Now Schonewille, De Zeeuw—who is also at the Netherlands Institute for Neuroscience—and co-workers have recorded the electrical activity from nearly 250 Purkinje cells in awake mice. Neurons were sampled from throughout the cerebellar cortex, and recording sites were marked with dye so that many of the same neurons could be identified following the recordings as either Z+ or Z−. Purkinje cells show two distinct kinds of nerve impulses (called ‘simple spikes’ and ‘complex spikes’), each driven by inputs from a different kind of nerve fibre (Figure 1). Zhou, Lin et al. found that both simple and complex spikes ‘fire’ more frequently in Z−, compared to Z+, Purkinje cells.
However, since Z+ and Z− Purkinje cells are more likely to be found in different parts of the cerebellar cortex, the variations in firing rates might be a consequence of the neurons' different locations, and not directly associated with zebrin identity per se.

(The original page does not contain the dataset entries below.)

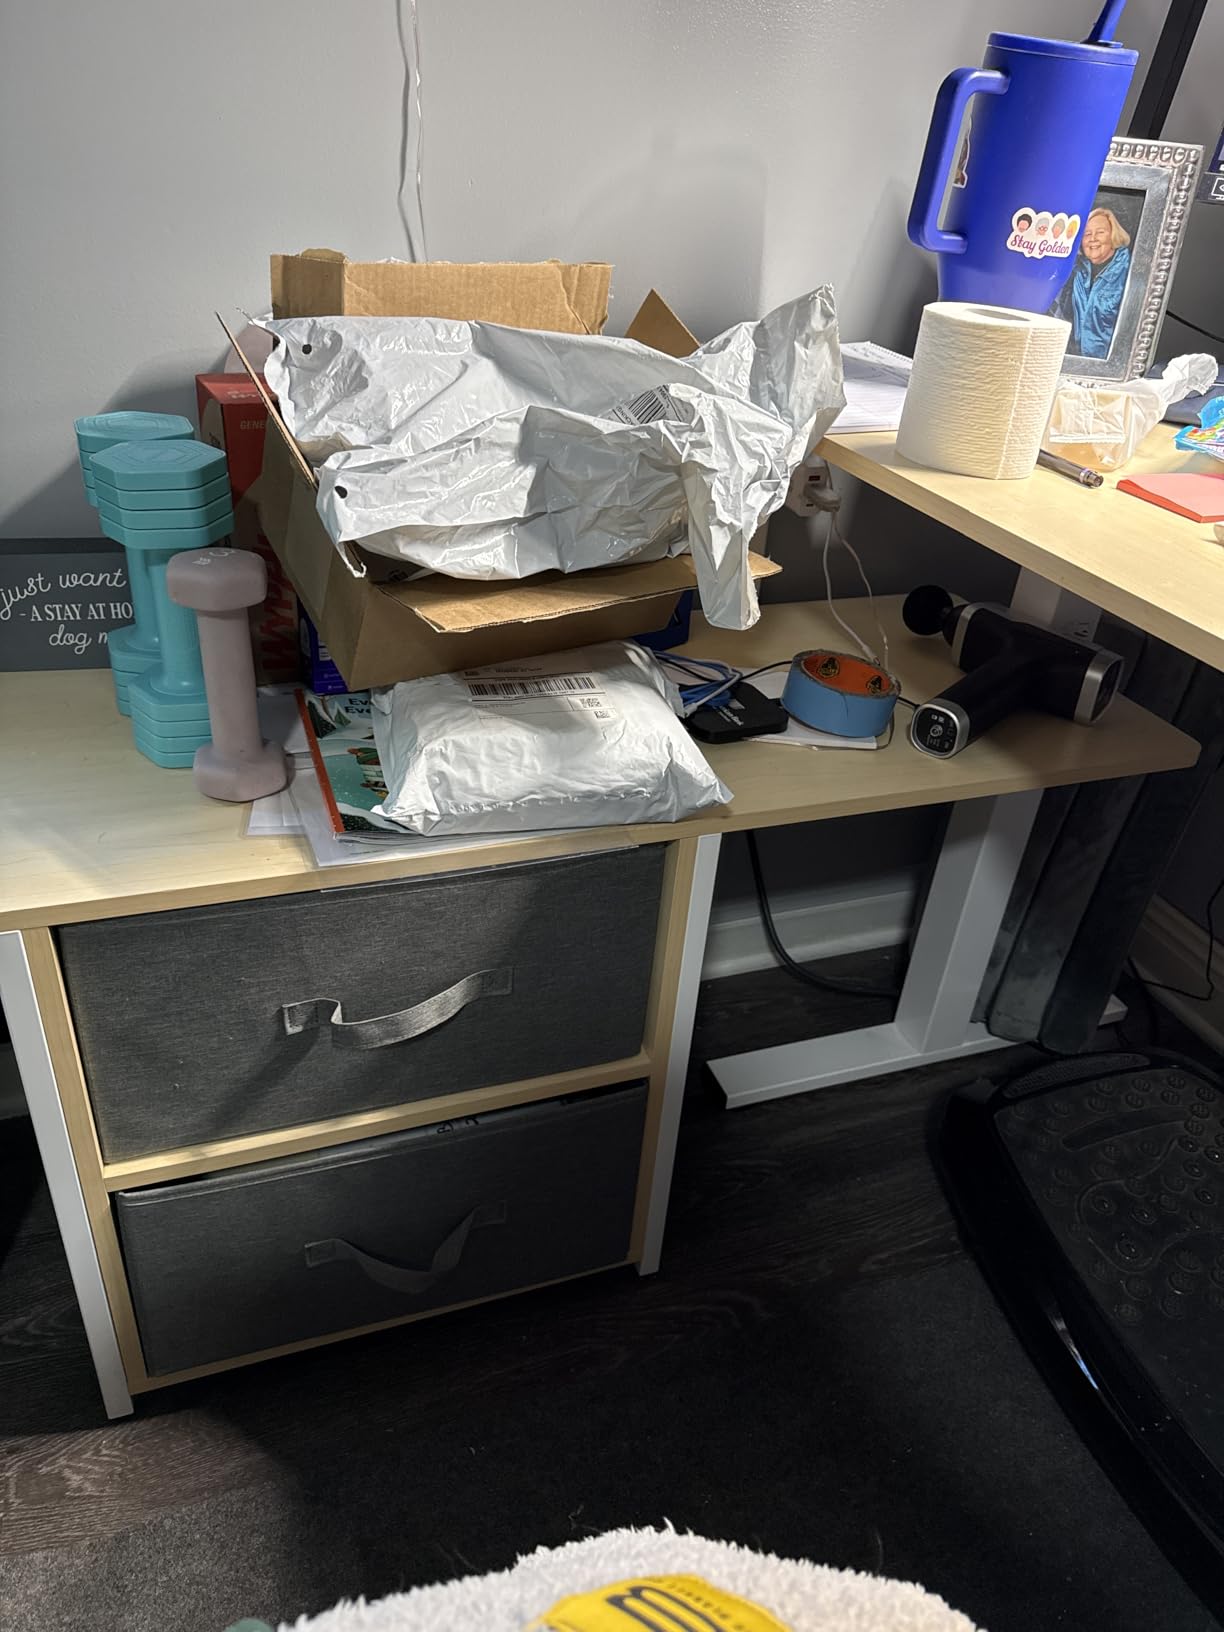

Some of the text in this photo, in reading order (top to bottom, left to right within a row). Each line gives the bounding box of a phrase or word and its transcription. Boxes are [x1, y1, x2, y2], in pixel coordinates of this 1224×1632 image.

[1010, 234, 1070, 256] Stay Golden
[0, 568, 127, 621] just want
[30, 604, 43, 622] A
[44, 603, 82, 621] STAY
[87, 602, 107, 620] AT
[48, 623, 93, 655] dog

To test this idea, Zhou, Lin et al. performed an additional, technically challenging, imaging experiment in living mice that were genetically engineered to express a green fluorescent protein in a zebrin-like pattern. Even when recordings were taken from adjacent Z+ and Z− Purkinje cells in individual experiments, the Z− cells still fired more frequently than the neighbouring Z+ cells. This suggests that the differences in physiological properties are in fact correlated with zebrin identity.

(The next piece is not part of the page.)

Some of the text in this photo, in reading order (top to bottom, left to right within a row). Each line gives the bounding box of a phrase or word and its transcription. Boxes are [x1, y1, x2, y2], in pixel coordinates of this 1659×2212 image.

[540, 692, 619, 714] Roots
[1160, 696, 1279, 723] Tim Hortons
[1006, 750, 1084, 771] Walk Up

What causes the observed differences between Z+ and Z− Purkinje cells is still not completely clear. Zhou, Lin et al. ruled out a direct role for the enzymatic activity of zebrin. They also provided evidence that the differences could result from properties intrinsic to Purkinje cells themselves, rather than the inputs that Purkinje cells receive from different nerve fibres. Zhou, Lin et al. found that manipulating TRPC3—an ion channel that works with other proteins that are expressed in zebrin-negative bands—did alter some of the physiological properties that differed between Z+ and Z− Purkinje cells. TRPC3 itself, however, does not appear to be expressed in a striped pattern, and direct links between zebrin, TRPC3, and simple and complex spikes remain speculative.
Might there be some other pattern that determines the physiological properties of neurons lurking, as yet undiscovered, within the cerebellar cortex? Many other molecules exhibit striped expression patterns (Hawkes, 2014). Some share boundaries with zebrin stripes, but others form their own patterns, sometimes subdividing Z+ areas. Intriguingly, Zhou, Lin et al. observed that, beyond the zebrin-dependent differences, the physiological properties of Z+ Purkinje cells vary systematically across cerebellar regions. This suggests that something besides the zebrin map might influence these neurons’ physiological properties.

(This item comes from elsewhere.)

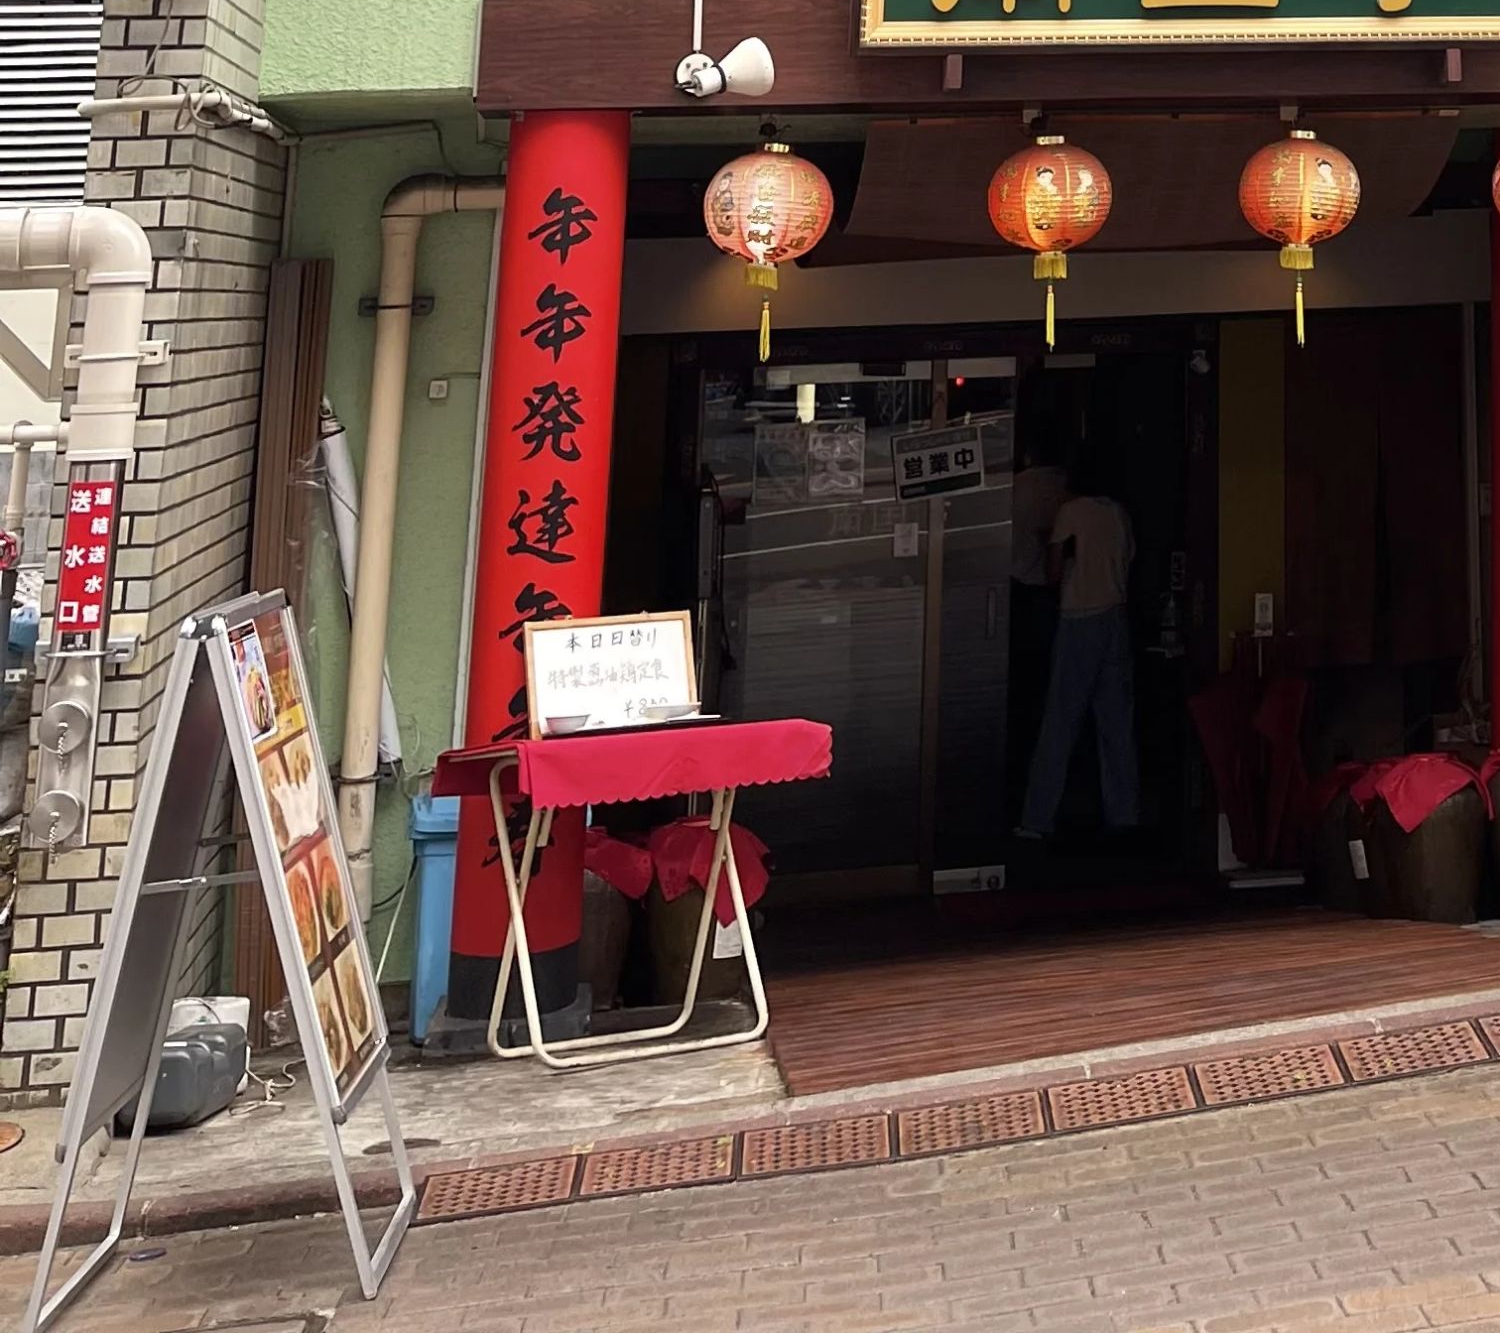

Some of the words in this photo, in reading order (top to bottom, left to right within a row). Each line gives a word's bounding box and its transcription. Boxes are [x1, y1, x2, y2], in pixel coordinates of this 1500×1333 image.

Thus, the findings of Zhou, Lin et al. raise the possibility that multiple molecular maps with their own distinct physiological profiles could co-exist within the cerebellar cortex. Taken together with the presence of tightly regulated loops between Purkinje cells and their inputs and outputs (Figure 1), the potential implications are far-reaching. For instance, specific behaviours could be governed by independent, functionally distinct modules. If borne out by future studies, this could imply a dizzying complexity of functional diversity for a circuit that is so often touted as being ‘simple and well-understood’. Finally, it is an important reminder that the function of even seemingly identical neural circuits can be modulated by differences in their intrinsic properties that change their capability to process information (Bargmann and Marder, 2013).